Fig. 5: Design of Chemo-CRAB to conditionally inhibit CRAC channel activity in mammalian cells and in a zebrafish model of Stormorken Syndrome.

a Schematic of the Chemo-CRAB design and rapamycin-dependent inhibition of Ca²⁺ influx through CRAC channels. Upon rapamycin treatment, FRB-FKBP heterodimerization induces Chemo-CRAB oligomerization, which binds STIM1-SOAR and disrupts STIM1-ORAI coupling, ultimately inhibiting Ca²⁺ influx through endogenous ORAI channels. Created in BioRender. Liu, X. (2026) https://BioRender.com/enohm3h. b Confocal images of HeLa cells co-expressing YFP-SOAR (green) and mCh-Chemo-CRAB (red) with or without rapamycin. Scale bar, 20 µm. c Quantification of cytosolic clearance of mCh-Chemo-CRAB after rapamycin addition. Single exponential fitting yielded a half-life of 13.9 sec. Data are shown as mean ± sem. n = 28 cells from three independent biological replicates. d TG-induced Ca²⁺ influx in HeLa cells stably expressing GCaMP6s and transiently co-expressing Chemo-CRAB or an empty vector (control), with or without rapamycin pre-treatment. Data are shown as mean ± sem. n = 25 cells from three independent biological replicates. e Quantification of peak GCaMP6s signals from panel (d). Data are shown as mean ± sem. n = 25 cells from three independent biological replicates. **** P < 0.0001 (Two tailed Welch’s t-test). f TG-induced Ca²⁺ influx in HeLa cells stably expressing GCaMP6s and transiently co-expressing Chemo-CRAB. Rapamycin was applied at the SOCE peak to induce Chemo-CRAB multimerization, resulting in a rapid reduction in Ca²⁺ signals (pink) compared with control (gray). n = 45 cells from three independent biological replicates. g Confocal images of HeLa cells co-expressing mCh-Chemo-CRAB (red; left) and the R304W STIM1-CFP mutant (cyan; middle) with or without rapamycin treatment.

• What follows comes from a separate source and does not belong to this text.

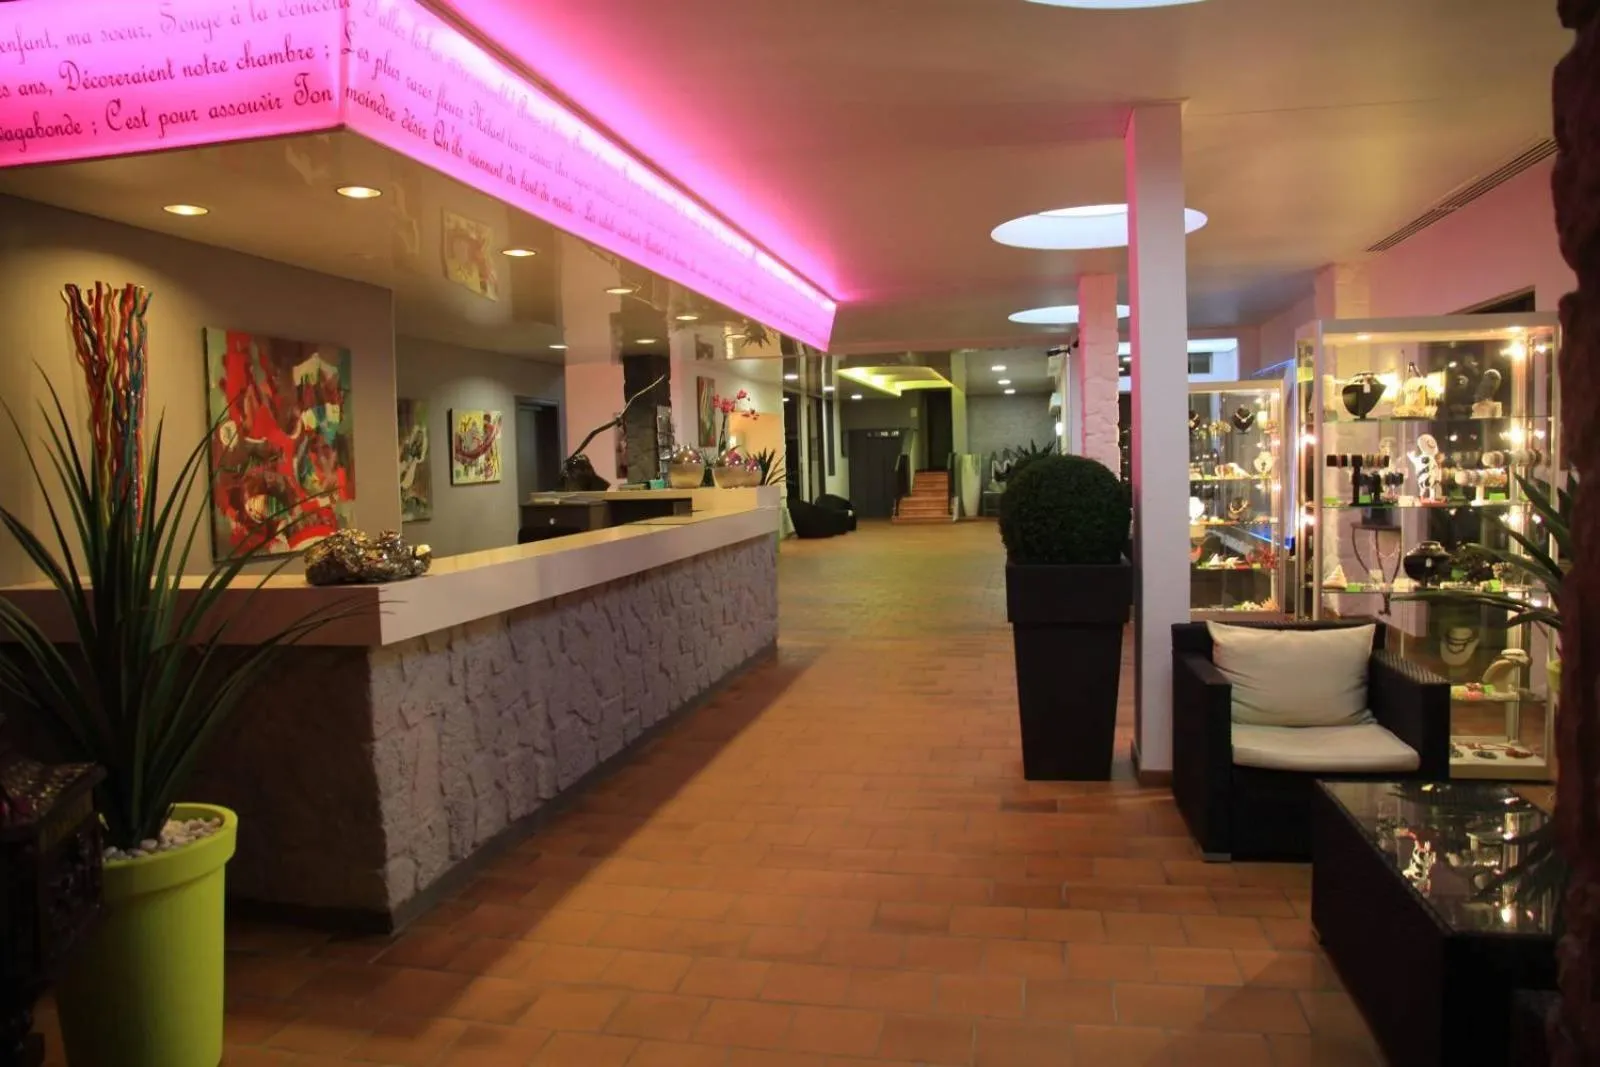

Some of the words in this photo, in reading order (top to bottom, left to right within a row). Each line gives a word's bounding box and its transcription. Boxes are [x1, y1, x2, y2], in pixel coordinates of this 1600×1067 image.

Representative images selected from three independent biological replicates. Scale bar, 10 µm. h Lateral views of Tg(CD41:EGFP) zebrafish embryos co-expressing the constitutively-active STIM1 R304W mutant, with or without Chemo-CRAB, under rapamycin-free or rapamycin-treated (100 nM) conditions. White boxes highlight areas with prominent changes in thrombocyte progenitors, shown at higher magnification. Scale bar, 500 μm. i Quantification of embryos exhibiting GFP-positive thrombocyte progenitors. Data are shown as mean ± sem. n = 3 independent biological replicates with 20 embryos analyzed per group in each experiment. **** P < 0.0001 (Two tailed Chi-square test). Source data are provided as a Source Data file.